** Work instructions **
The answer should hold only the lines from the one containing "this 1600×1066 image." through the one containing "this 1600×1200 image." in the entries below, copied exactly, without pictures.

(Image-backed grounding data)
>>>>>

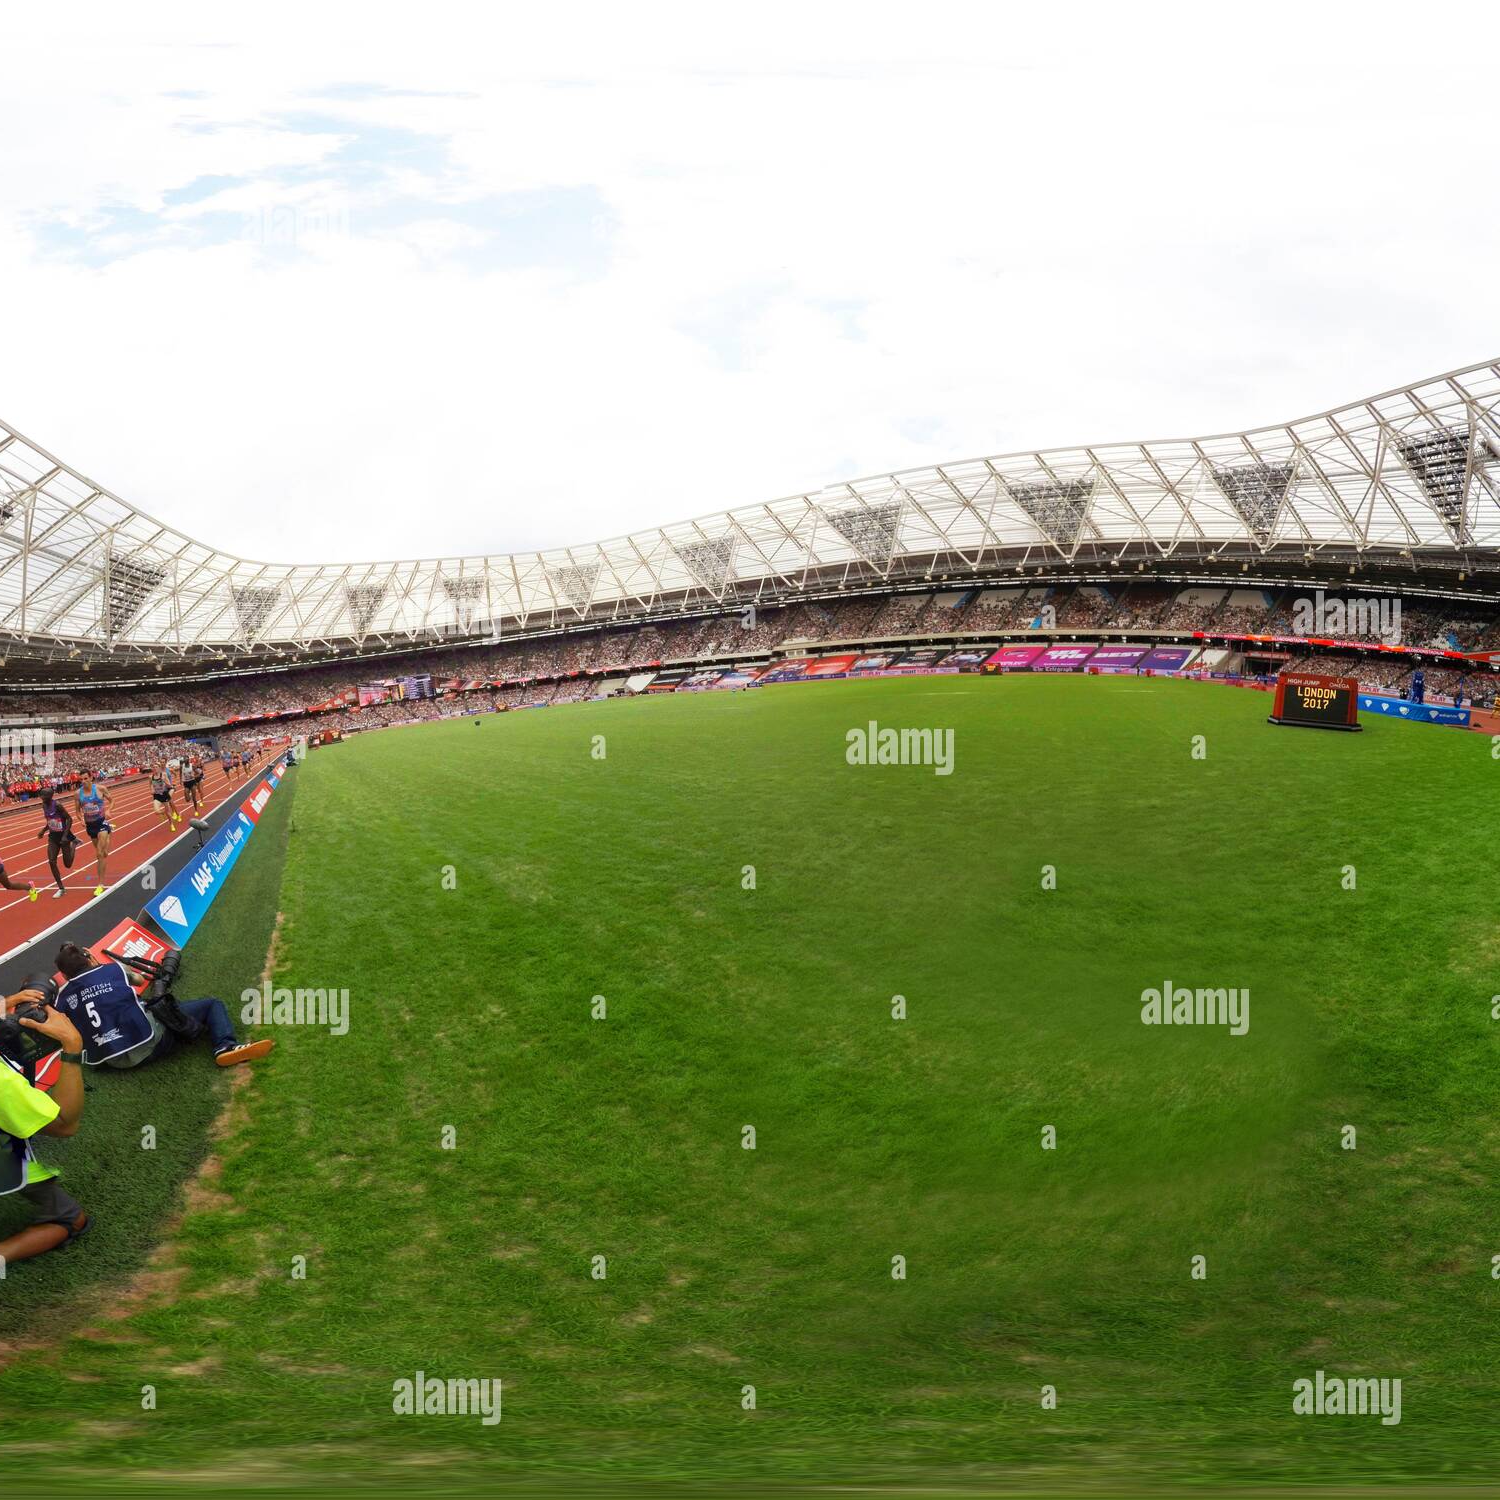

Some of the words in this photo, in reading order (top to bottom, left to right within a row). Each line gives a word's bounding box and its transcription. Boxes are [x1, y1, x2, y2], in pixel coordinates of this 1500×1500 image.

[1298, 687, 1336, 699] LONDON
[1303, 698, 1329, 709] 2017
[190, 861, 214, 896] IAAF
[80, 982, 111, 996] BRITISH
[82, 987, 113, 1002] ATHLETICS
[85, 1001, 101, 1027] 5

<<<<<
>>>>>

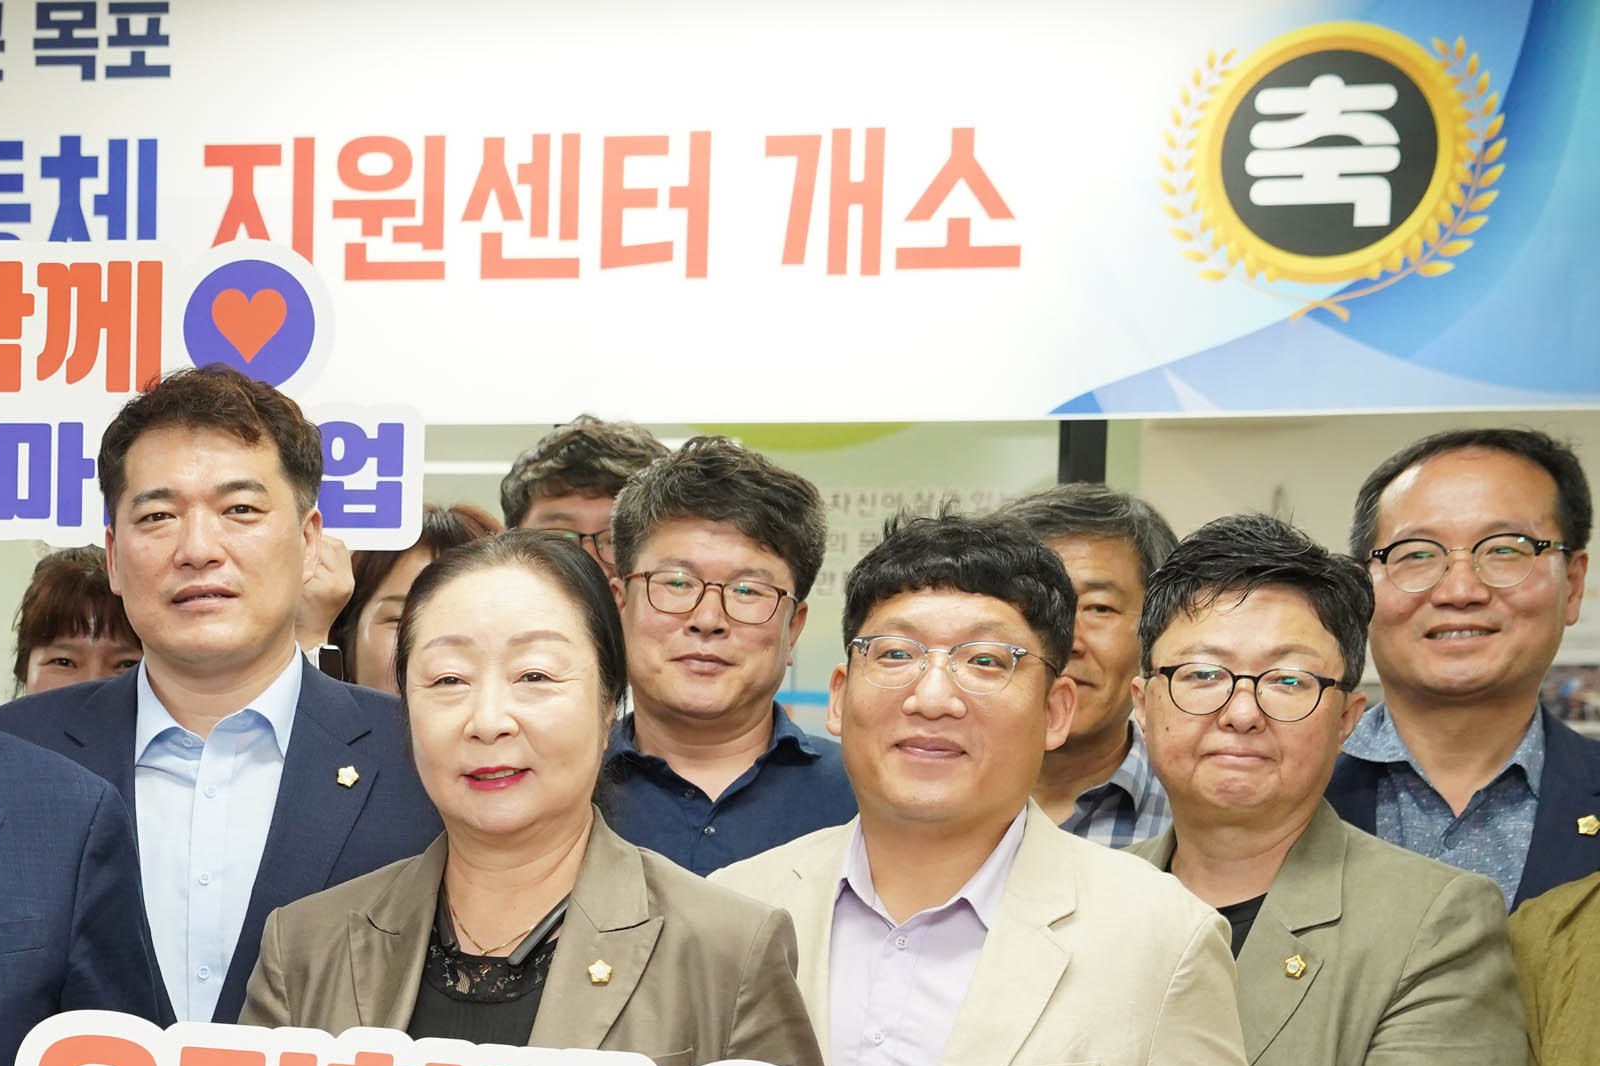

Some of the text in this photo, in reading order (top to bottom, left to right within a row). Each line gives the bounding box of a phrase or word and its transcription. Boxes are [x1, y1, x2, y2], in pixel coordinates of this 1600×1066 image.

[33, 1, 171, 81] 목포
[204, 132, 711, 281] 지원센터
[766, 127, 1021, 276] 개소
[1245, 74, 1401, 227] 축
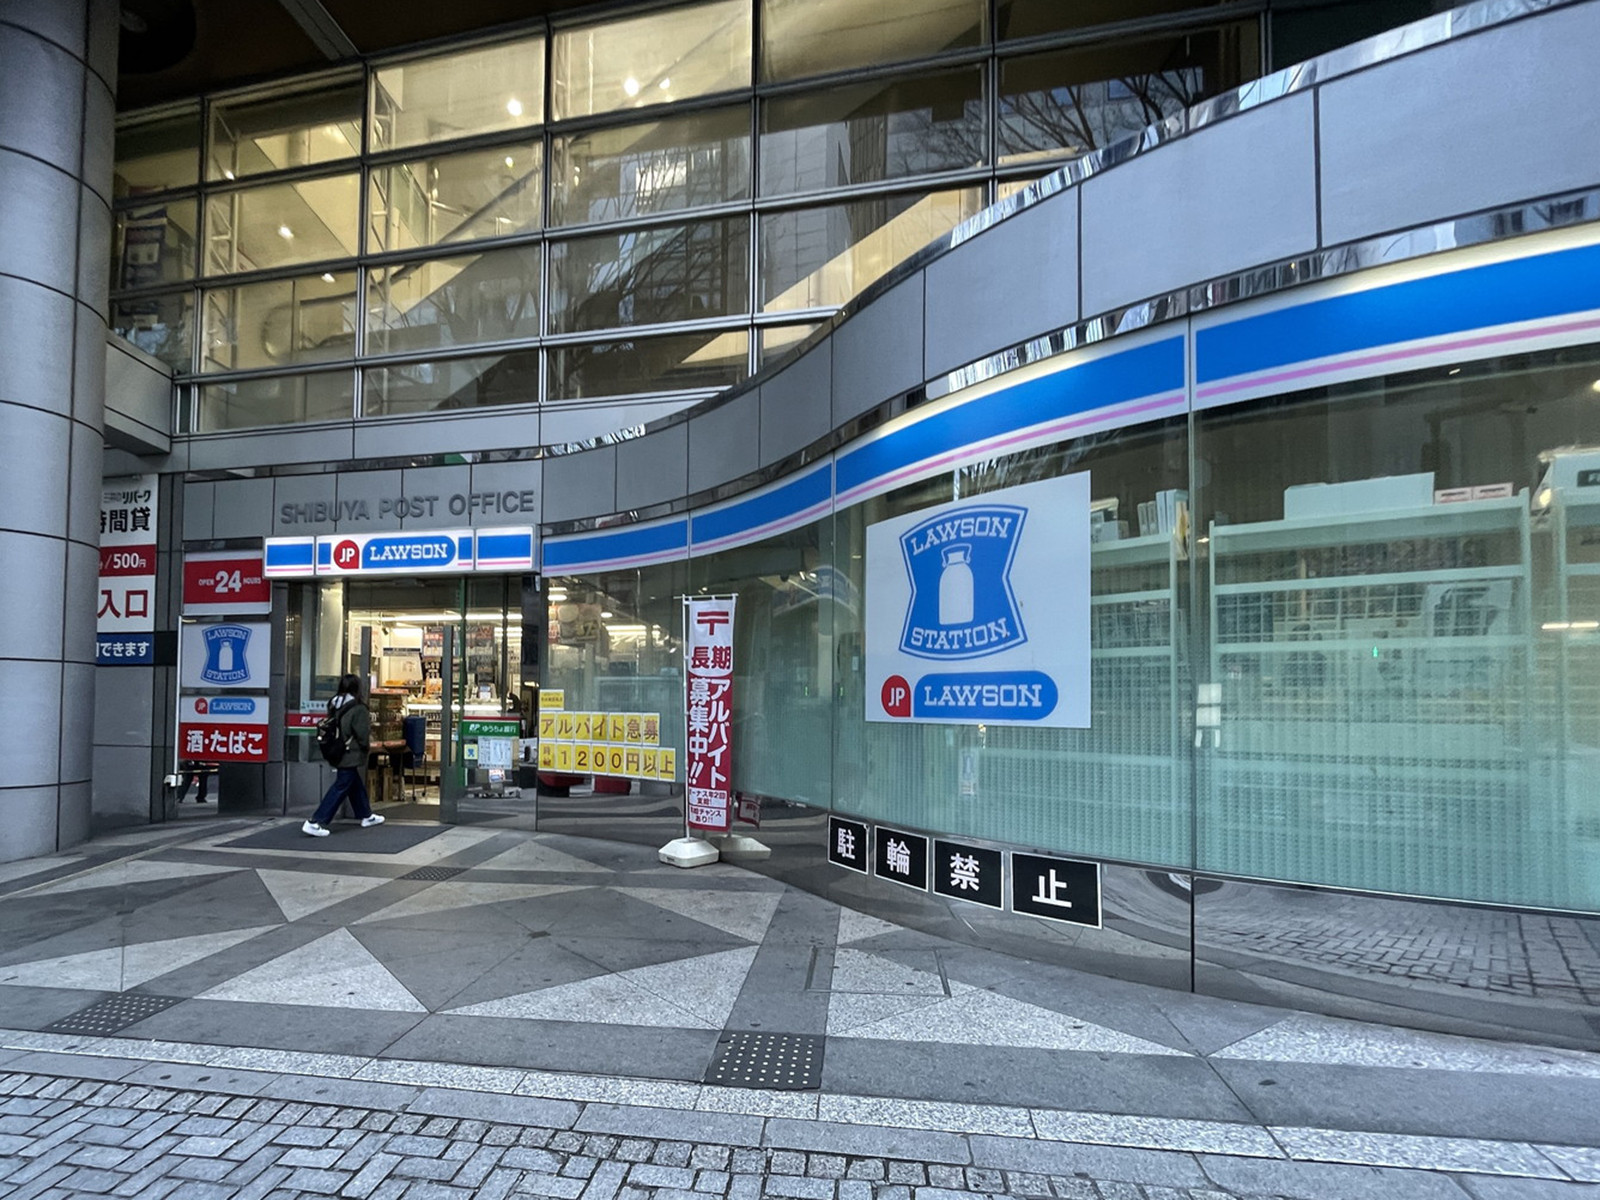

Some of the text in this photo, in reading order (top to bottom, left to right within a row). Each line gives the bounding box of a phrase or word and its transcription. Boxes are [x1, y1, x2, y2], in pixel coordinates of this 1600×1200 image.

<<<<<
>>>>>

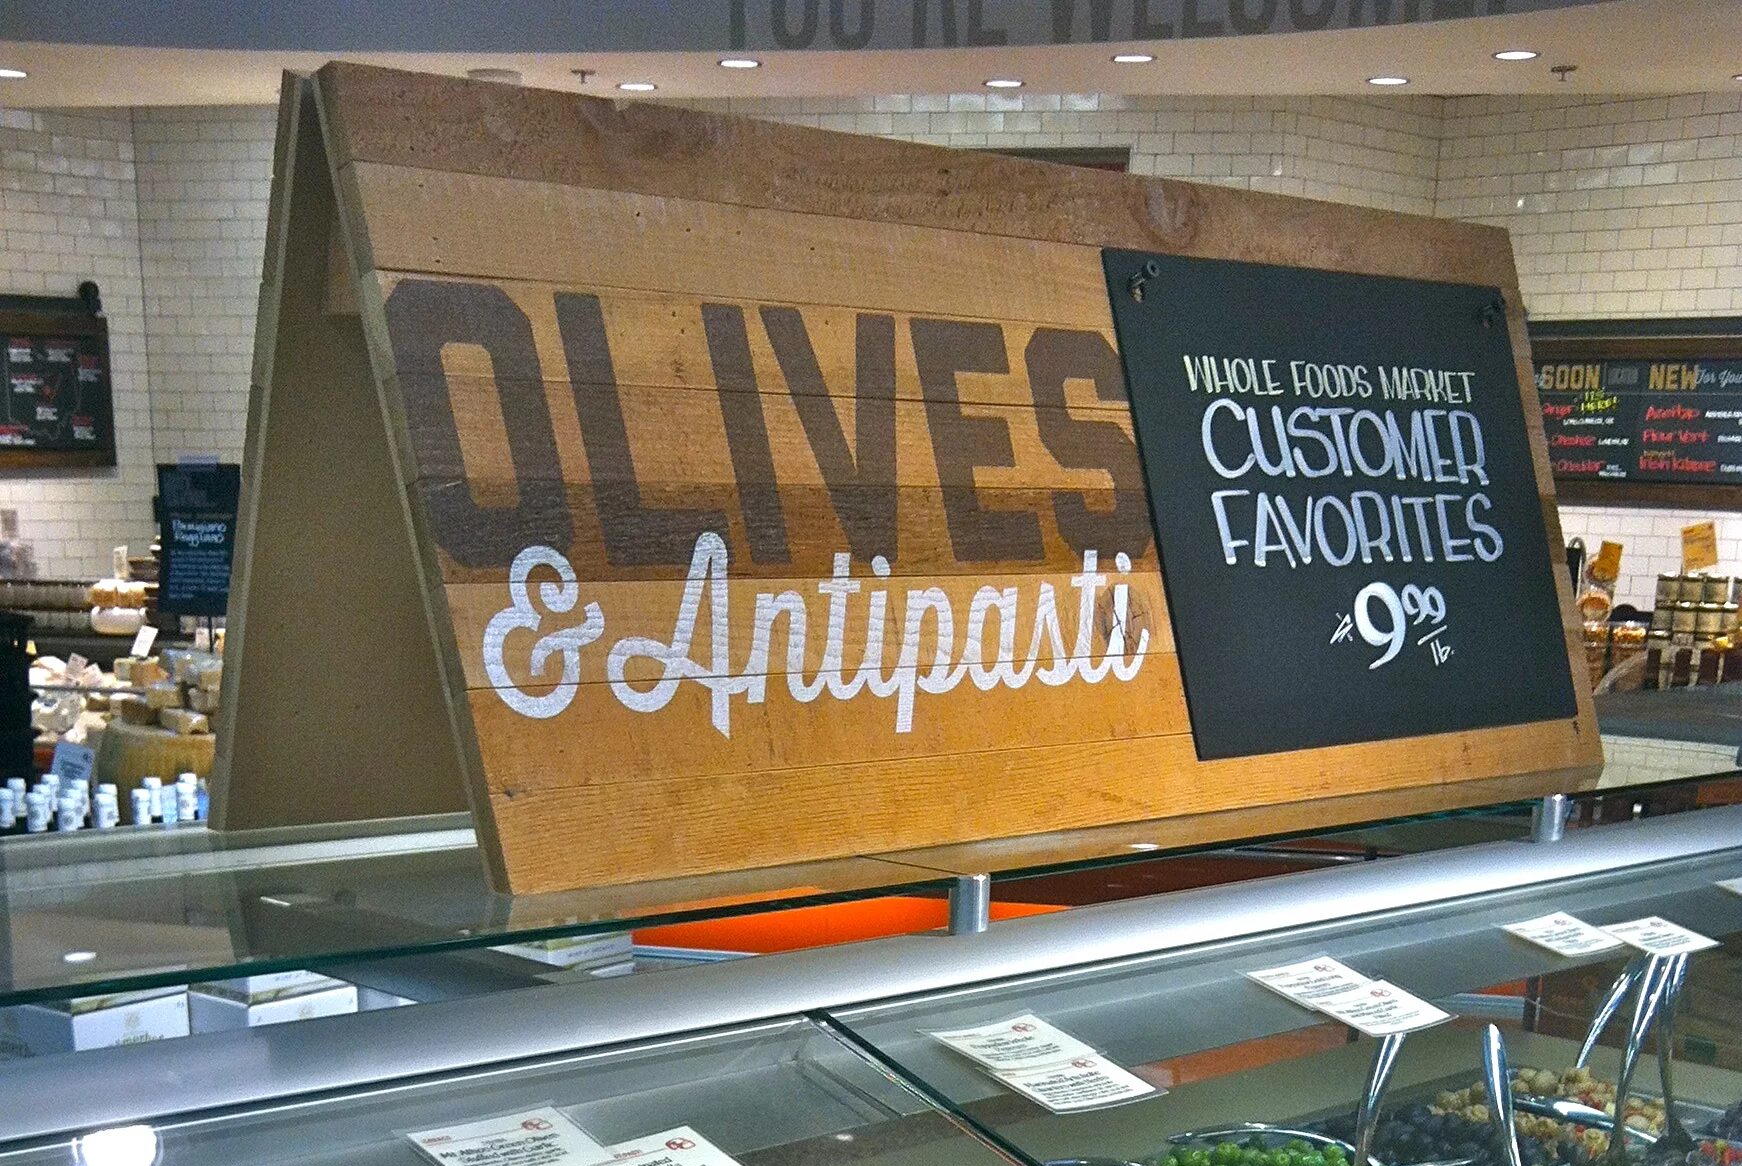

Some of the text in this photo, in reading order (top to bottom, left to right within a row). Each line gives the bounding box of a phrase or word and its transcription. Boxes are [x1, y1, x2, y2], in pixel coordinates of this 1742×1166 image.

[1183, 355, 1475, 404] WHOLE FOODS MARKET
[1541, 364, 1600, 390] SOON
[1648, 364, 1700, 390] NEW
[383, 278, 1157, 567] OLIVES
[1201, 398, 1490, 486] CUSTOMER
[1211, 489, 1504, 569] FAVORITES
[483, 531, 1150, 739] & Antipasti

<<<<<

** Output for this exercise **
Some of the text in this photo, in reading order (top to bottom, left to right within a row). Each line gives the bounding box of a phrase or word and its transcription. Boxes are [x1, y1, x2, y2], in pixel coordinates of this 1600×1066 image.

[33, 1, 171, 81] 목포
[204, 132, 711, 281] 지원센터
[766, 127, 1021, 276] 개소
[1245, 74, 1401, 227] 축

Some of the text in this photo, in reading order (top to bottom, left to right within a row). Each line gives the bounding box of a phrase or word and its transcription. Boxes are [x1, y1, x2, y2], in pixel coordinates of this 1600×1200 image.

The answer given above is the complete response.